Le Petit Prince by Antoine de Saint-Exupéry

little-prince-and-rose

For someone who claims to have such good memory, I’m having a difficult time

remembering which children’s book was my favorite.  However, about four years ago, I was enrolled in a beginner’s French class which required reading Antoine de Saint-Exupéry’s Le Petit Prince (The Little Prince).  I remember thinking to myself that reading a children’s book was a great way to begin reading actual French literature.  I convinced myself that it could not be difficult, as many children’s books have very simple story lines. 

I was delightfully surprised that Le Petit Prince had a combination of humor, nostalgia, and suspense.  The suspense was not solely attributed to reading in a different language.  While I have to admit that the vocabulary was more advanced than my beginner’s French, I’ve gone back and read this novella in English and I still find it quite suspenseful.  The narrator begins by explaining that in his childhood he loved to draw, but adults advised him to set that aside and take up more important subjects like geography.  As a child, he attributed the adults’ inability to understand his drawings due to their lack of imagination.  “That is why, at the age of six, I gave up what might have been a magnificent career as a painter… Grown-ups never understand anything by themselves, and it is tiresome for children to be always and forever explaining things to them.”  Reading this line as an adult made me so thankful to have parents and adults in my life that never discouraged me from any particular professions.
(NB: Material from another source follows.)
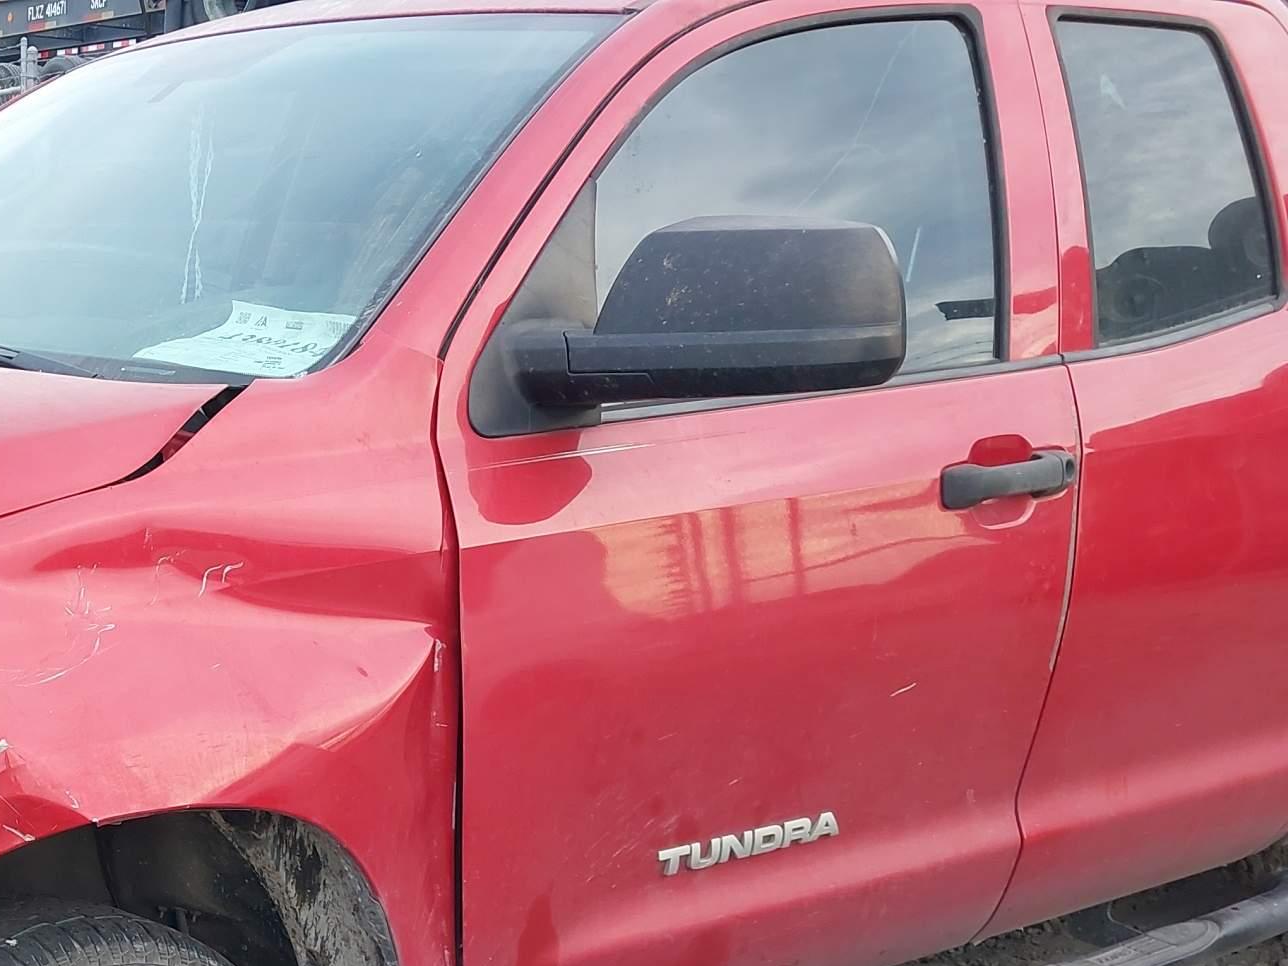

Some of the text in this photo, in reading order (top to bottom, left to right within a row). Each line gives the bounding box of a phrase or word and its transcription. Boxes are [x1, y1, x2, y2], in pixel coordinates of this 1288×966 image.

The narrator explains he decided to become a pilot and that as a result of an airplane accident, he finds himself stranded in the Sahara, where he meets a tiny prince from another planet.  The little prince explains that he has been traveling through other planets, and he asks the pilot to draw him a picture.  The two begin to bond as the little prince expresses his worry over a rose – the only flower from his planet.

The little prince goes on to explain that, while on Earth, he met a fox who offered his friendship, but he declined as he wanted to remain loyal to his beloved rose.  After some convincing, the boy decided to form a friendship with the fox, but nostalgia for his flower drove him to decide to leave.  After all, the rose had convinced him that it was unique and that it deserved special attention.  Before the prince left, the fox directed him to a field of roses, where the prince discovered that his rose was not the only rose in the universe, but that it was special to him because he loved it and cared for it.  The fox then told the prince, “It is only with the heart that one can see rightly; what is essential is invisible to the eye.”  To me, this was the most influential part of the book.  With this statement, the fox reminds us (and the little prince), that love can turn what others seem as ordinary people (or objects) into our reasons for living, even if it we can’t explain it.

Over the period of a week, the little prince tells stories of characters he met in his travels, and the reoccurring theme is that most of them were obsessed with power, wealth, appearances, etc.  These stories serve as cautionary tales for its readers and they provide humor as the little prince tries to follow the logic fed to him by the adults.